- Directions
Repeat the records below exactly, leaving out every picture.

== Entries supplied ==

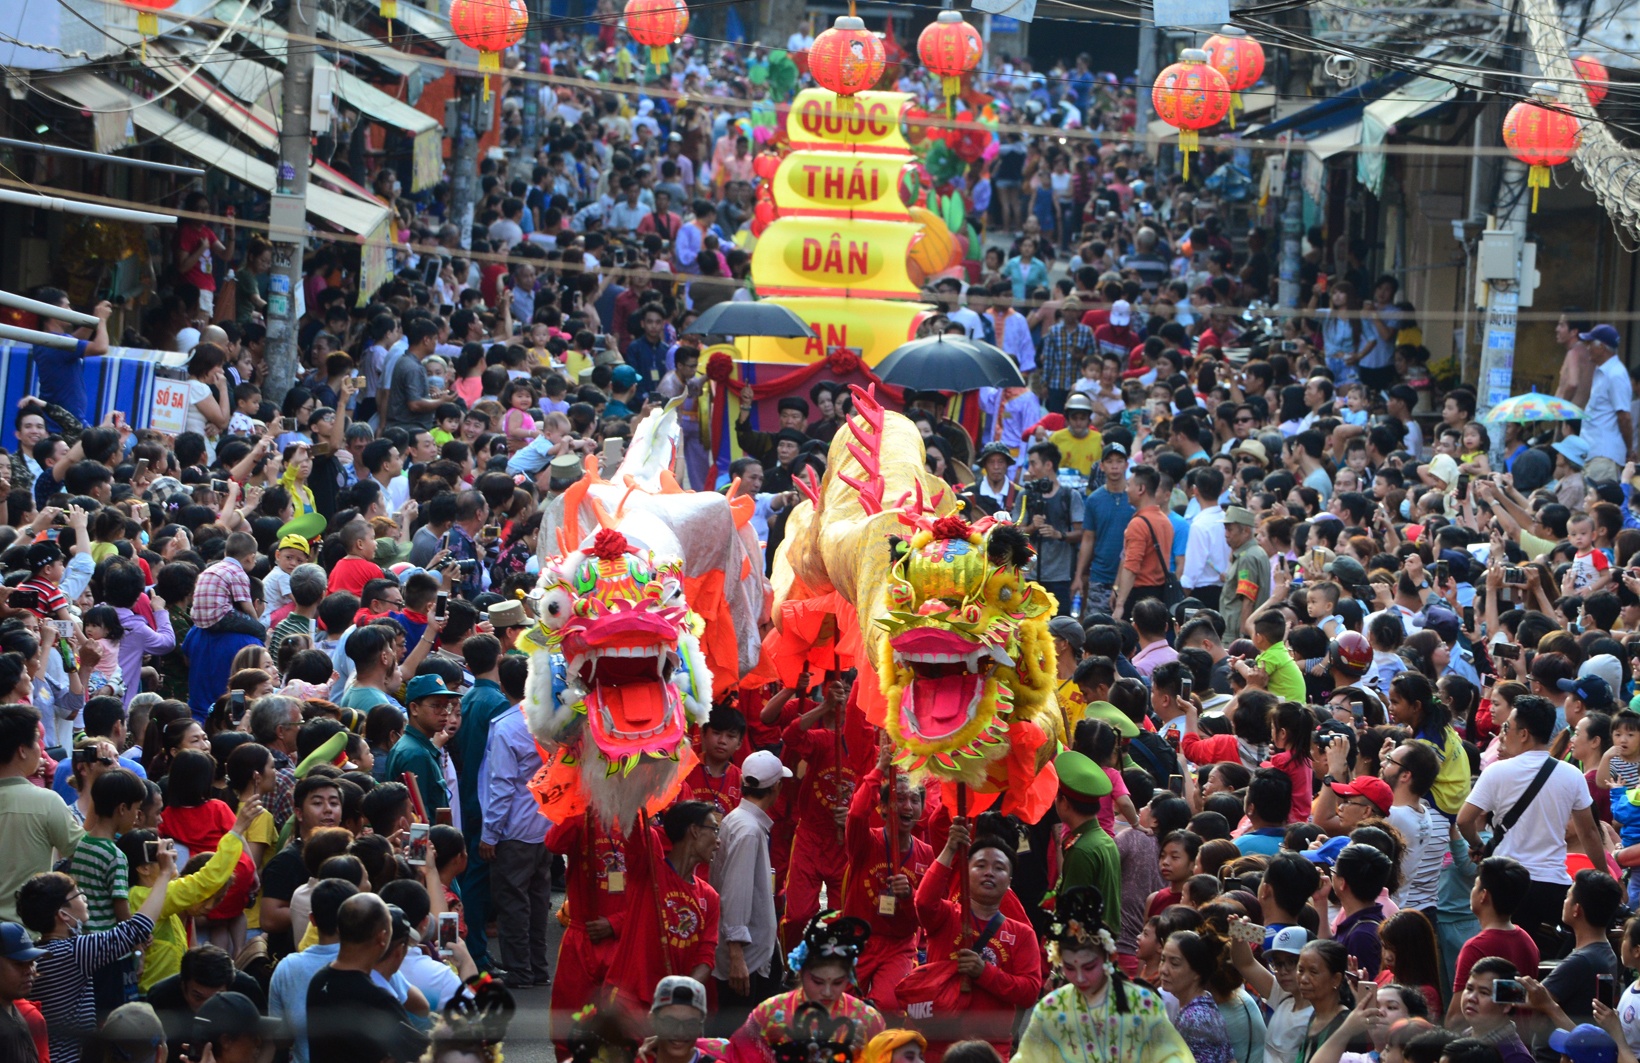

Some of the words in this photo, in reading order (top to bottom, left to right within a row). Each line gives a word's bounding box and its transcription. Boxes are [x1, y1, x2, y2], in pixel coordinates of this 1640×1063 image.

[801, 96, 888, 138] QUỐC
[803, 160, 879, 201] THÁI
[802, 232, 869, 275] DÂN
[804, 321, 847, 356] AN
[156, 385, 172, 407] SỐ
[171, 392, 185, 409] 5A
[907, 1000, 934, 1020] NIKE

===

- Answer box
Some of the words in this photo, in reading order (top to bottom, left to right within a row). Each line gives a word's bounding box and its transcription. Boxes are [x1, y1, x2, y2], in pixel coordinates of this 1640×1063 image.

[801, 96, 888, 138] QUỐC
[803, 160, 879, 201] THÁI
[802, 232, 869, 275] DÂN
[804, 321, 847, 356] AN
[156, 385, 172, 407] SỐ
[171, 392, 185, 409] 5A
[907, 1000, 934, 1020] NIKE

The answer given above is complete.